But while I was reading sources on regular expressions and Unicode, I was not able to determine if there was any standard or non-standard way to achieve a zero width match where one script ends and another starts.

The string παν語 must have a match between the characters ν and 語 , just as \b and \< will coincide immediately before the character π .

Now for this example, I could hack something together based on the search \p{greek} , followed by \p{Han} , and I could even hack something together based on all possible combinations of two Unicode scripts.
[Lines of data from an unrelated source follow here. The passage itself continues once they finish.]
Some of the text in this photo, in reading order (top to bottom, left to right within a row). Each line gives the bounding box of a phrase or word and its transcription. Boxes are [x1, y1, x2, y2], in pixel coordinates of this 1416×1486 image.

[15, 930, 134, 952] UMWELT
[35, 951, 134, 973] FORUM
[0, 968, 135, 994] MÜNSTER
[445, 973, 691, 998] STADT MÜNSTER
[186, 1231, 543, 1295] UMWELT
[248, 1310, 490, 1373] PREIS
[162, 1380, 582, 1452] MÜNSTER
But this would not be a deterministic solution, as new scripts are still added to Unicode with each version. Is there any reliable way to express this? Or is there a suggestion to add it?

+8

regex unicode character-properties word-boundary

hippietrail May 11 '13 at 1:39

source share

1 answer

tchrist · Accepted Answer · 2013-05-14T00:14:40+0000

EDIT: I just noticed that you really didn’t specify which pattern matching language you used. Well, I hope the Perl solution will work for you, as the necessary mechanics are likely to be very tough in any other language. Plus, if you are comparing with Unicode, Perl is really the best choice for this particular job.
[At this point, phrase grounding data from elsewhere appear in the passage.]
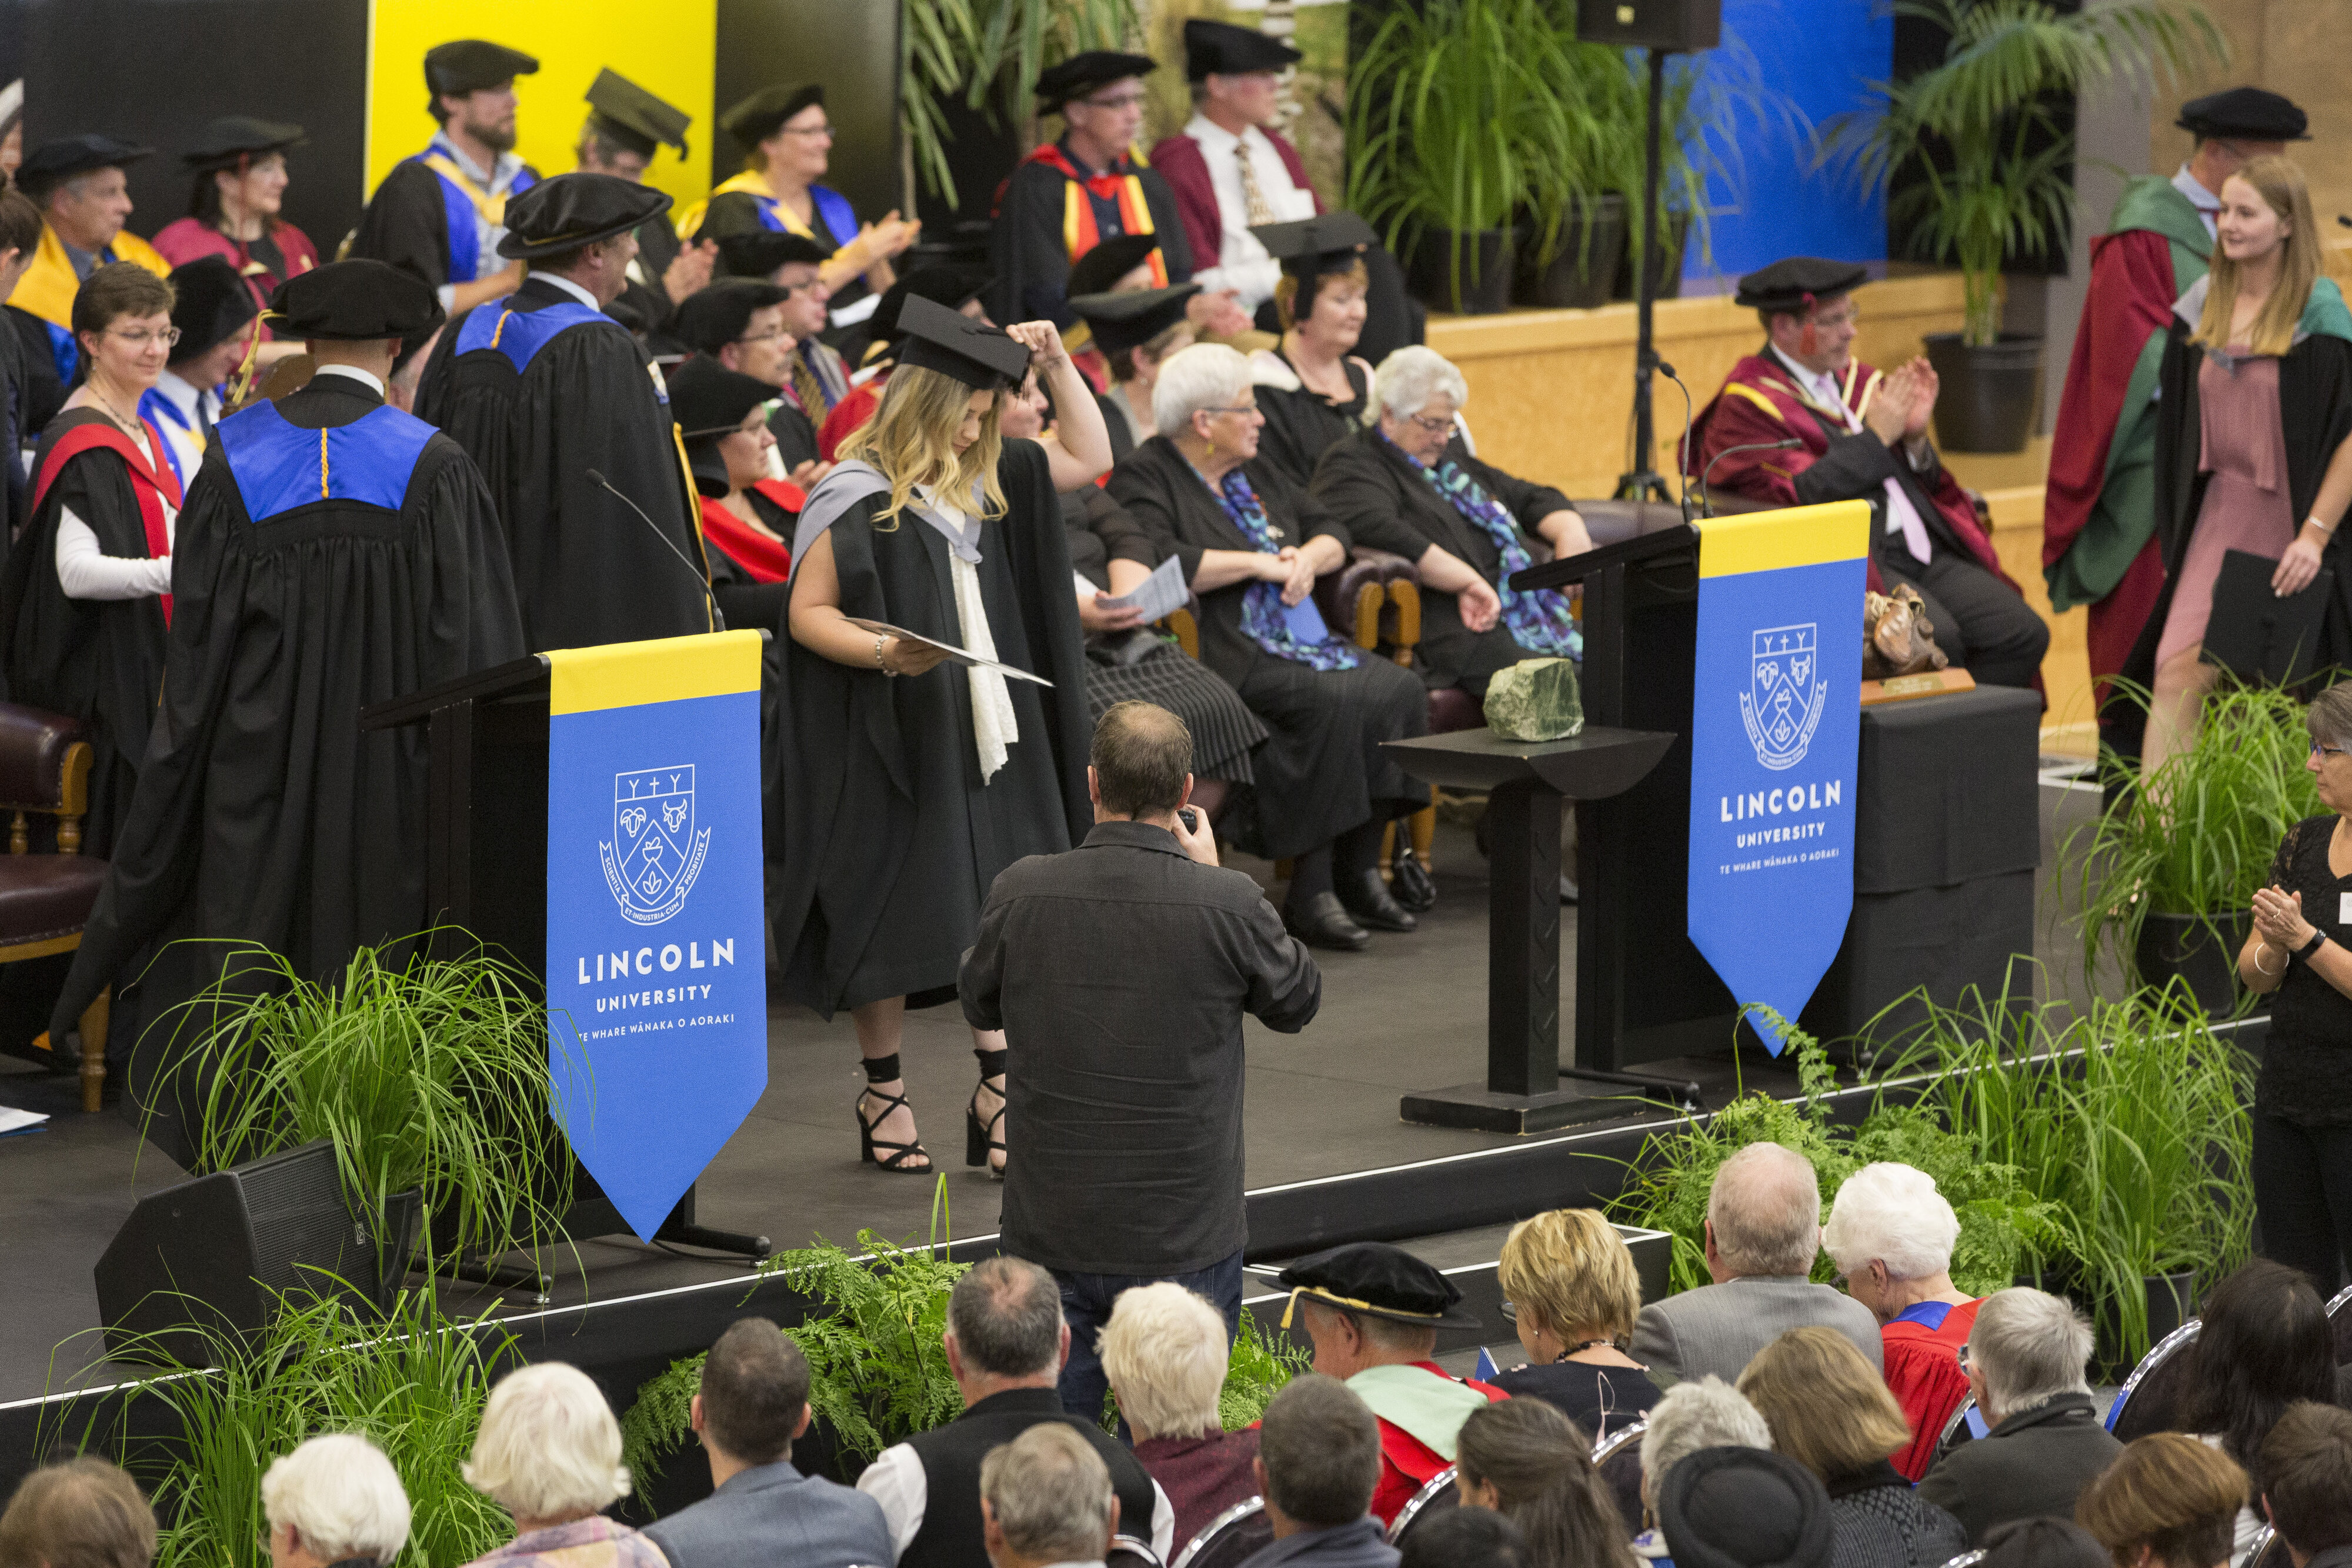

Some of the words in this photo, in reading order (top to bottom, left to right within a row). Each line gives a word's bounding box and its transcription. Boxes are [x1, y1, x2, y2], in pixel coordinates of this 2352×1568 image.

[1721, 779, 1841, 822] LINCOLN
[1737, 821, 1825, 848] UNIVERSITY
[605, 856, 620, 893] SCIENTIA
[684, 842, 705, 885] PROBITATE
[1720, 865, 1730, 875] TE
[1733, 859, 1761, 872] WHARE
[1800, 852, 1807, 862] O
[1809, 848, 1840, 861] AORAKI
[579, 938, 734, 985] LINCOLN
[596, 984, 712, 1012] UNIVERSITY
[592, 1026, 626, 1039] WHARE
[678, 1018, 686, 1027] O
[689, 1013, 735, 1026] AORAKI
If the appropriate template is set for the $rx variable below, this is a small piece of Perl code:

 my $data = "foo1 and Πππ 語語語 done"; while ($data =~ /($rx)/g) { print "Got string: '$1'\n"; }

Generates this output:

 Got string: 'foo1 and ' Got string: 'Πππ ' Got string: '語語語 ' Got string: 'done'

That is, it pulls out a Latin string, a Greek string, a Han string, and another Latin string. It's pretty damn closed by what I think you really need.

The reason I did not post this post yesterday is because I get weird kernels. Now I know why.

My solution uses lexical variables inside the construct (??{...}) . It turns out that this is unstable until v5.17.1, and at best only works by accident. It does not work on v5.17.0, but succeeds in v5.18.0 RC0 and RC2. So, Ive added use v5.17.1 to make sure you use something recent enough to trust this approach.

First, I decided that you really do not want to run all the same script types; you wanted to run all the same script type plus General and Inherited. Otherwise, you will be spoiled by punctuation, spaces and numbers for Common, and combining characters for Inherited. I really don’t think you want them to interrupt your “still script” run, but if you do, it’s easy to stop considering it.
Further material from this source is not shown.